4. Scientific Basis of Medical Imaging, P.N.T. Wells, Churchill Livingstone, New
York, 1982.
5. All You Really Need to Know about MRI Physics, Moriel NessAiver, University
of Maryland Medical Center, [email protected]. Published in 1996.
6. Principles of Magnetic Resonance Imaging; A Signal Processing Perspective, Z.
P. Liang and Paul C. Lauterbur, IEEE Series in Biomedical Engineering, ISBN 07803-4723-4, 2000.
EXAMS
Midterm:
The midterm has two parts.
Part I: A 5-minute presentation of the outline of the student’s paper and submission of a
one-page outline on the day of the midterm presentation.
Part II: A 2.5 hour written exam, closed-book.
Final:
The Final exam has three parts:
Part I: A 15-minute presentation of the student’s paper (to be presented during the last
two weeks of classes).
Part II: A 15-page written final paper submitted on the scheduled day of the Final.
Part III: A two-hour written exam on the scheduled day of the Final.
Grading policy:
Midterm part I: 5% of final grade (presentation)
Midterm part II: 15% of final grade (Written Exam)
Final part I: 25% of final grade (Presentation)
Final part II: 30% of final grade (Written paper)
Final part III: 15% of final grade (Written Exam)
Homework, Attendance and Interactions in class: 10% of final grade
Office Hours: The instructor and teaching assistant will hold office hours every week.
This is for your benefit and you are welcome to utilize the office hours for individual or
small-group discussions.
Disability Statement: Students requesting academic accommodations based on a
disability are required to register with Disability Services and Programs (DSP) each
semester.

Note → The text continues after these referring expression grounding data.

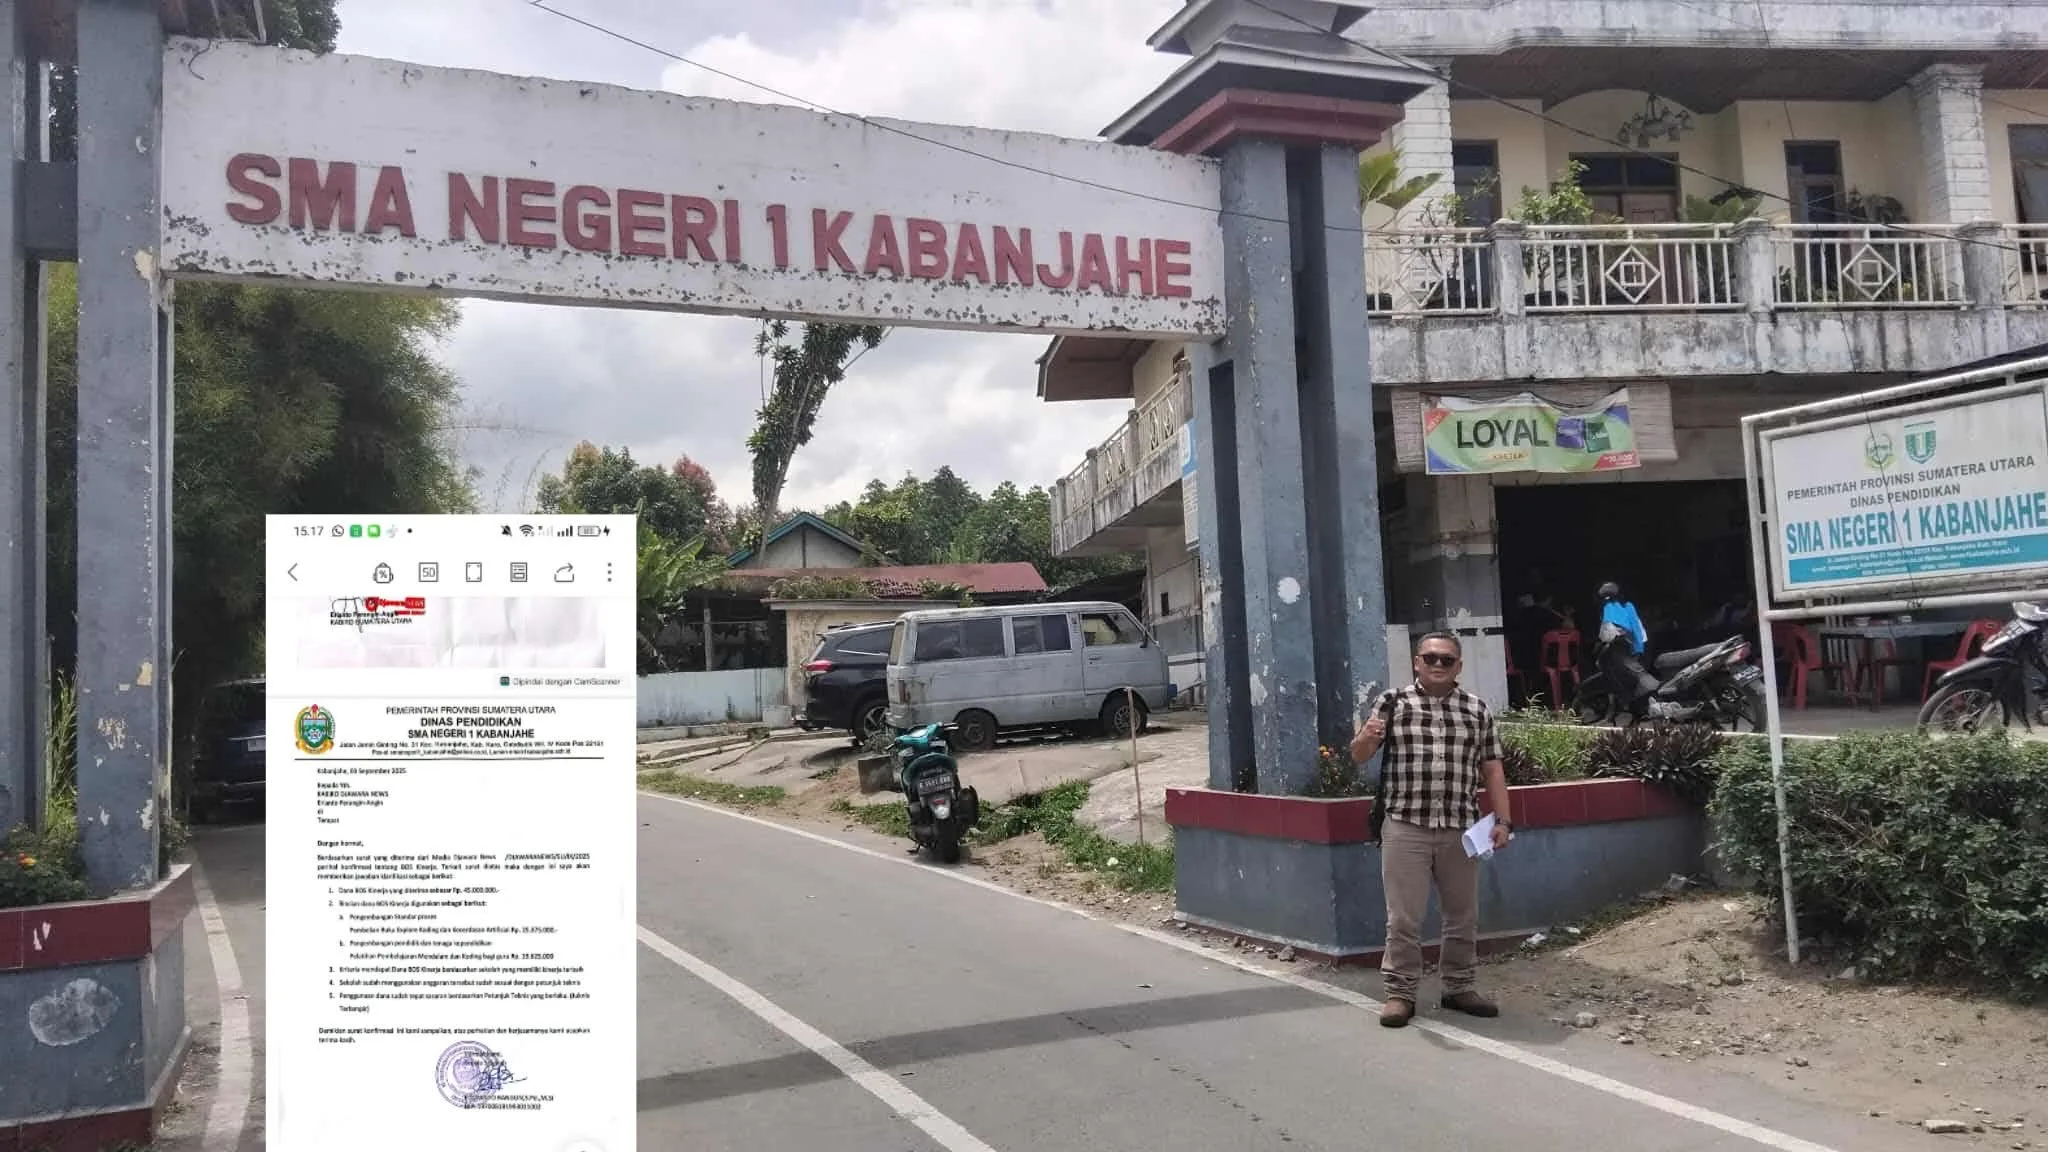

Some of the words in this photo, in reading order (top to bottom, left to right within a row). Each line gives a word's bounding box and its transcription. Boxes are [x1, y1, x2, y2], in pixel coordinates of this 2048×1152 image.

[225, 153, 417, 238] SMA
[448, 172, 740, 263] NEGERI
[766, 203, 789, 267] 1
[811, 208, 1192, 298] KABANJAHE
[1456, 419, 1550, 449] LOYAL
[1787, 482, 1857, 500] PEMERINTAH
[1860, 472, 1914, 490] PROVINSI
[1918, 462, 1986, 481] SUMATERA
[1990, 455, 2035, 472] UTARA
[1850, 495, 1884, 508] DINAS
[1887, 484, 1961, 503] PENDIDIKAN
[1786, 520, 1824, 554] SMA
[1828, 511, 1897, 549] NEGERI
[1902, 508, 1913, 541] 1
[1919, 492, 2048, 539] KABANJAHE

A letter of verification for approved accommodations can be obtained from
DSP when adequate documentation is filed. Please be sure the letter is delivered to the
instructor within the first few weeks of the semester. DSP is open Monday-Friday, 8:305:00. The office is in Student Union 301 and the phone number is (213) 740-0776.

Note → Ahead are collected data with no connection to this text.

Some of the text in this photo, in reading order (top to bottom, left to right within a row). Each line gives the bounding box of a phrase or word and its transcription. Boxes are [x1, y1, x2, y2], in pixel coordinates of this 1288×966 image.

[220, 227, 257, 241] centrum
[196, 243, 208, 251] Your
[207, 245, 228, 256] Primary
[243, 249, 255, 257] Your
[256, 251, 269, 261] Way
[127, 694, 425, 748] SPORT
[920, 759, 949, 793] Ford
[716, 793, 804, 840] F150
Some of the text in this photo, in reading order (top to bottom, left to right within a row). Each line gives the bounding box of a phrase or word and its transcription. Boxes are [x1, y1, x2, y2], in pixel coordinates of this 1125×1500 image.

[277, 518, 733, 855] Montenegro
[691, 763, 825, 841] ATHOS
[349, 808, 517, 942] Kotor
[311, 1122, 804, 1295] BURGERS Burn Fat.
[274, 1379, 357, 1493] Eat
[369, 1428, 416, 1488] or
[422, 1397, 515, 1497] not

List of BME Program Outcomes
Students who complete successfully the Biomedical Engineering Program should be able to:
1.
Apply knowledge of mathematics, physical sciences, life sciences and engineering to formulate and
study or solve engineering problems, including problems at the interface of engineering, medicine, and
biology.
2.
Plan and conduct experiments as well as analyze and interpret experimental measurements
collected on physical systems and living systems.
3.
Design electronic, mechanical and/or computer-based devices and software for applications
including medical instrumentation, physiological measurement and signal processing, prosthesis
development, and engineering simulation of living systems.
4.
Understand the professional, ethical and societal responsibilities pertinent to the practice of
engineering.
5.
Communicate effectively using appropriate technology and information resources to document
work, analyze engineering problems and solutions, and present project results.
6.
Lead a team of student engineers performing a laboratory exercise or a class project; participate in
various roles to the team and understand the contribution of each role to the team's effort.
7.
Be independent learners who can master new knowledge and technologies.
8.
Utilize their broad liberal education to explore and analyze the impact of engineering and
technology solutions on society and healthcare.
9.
Select and use modern engineering tools for analysis, design,experimentation and testing.
10.
Successfully engage in further education in engineering, medicine and biomedical sciences.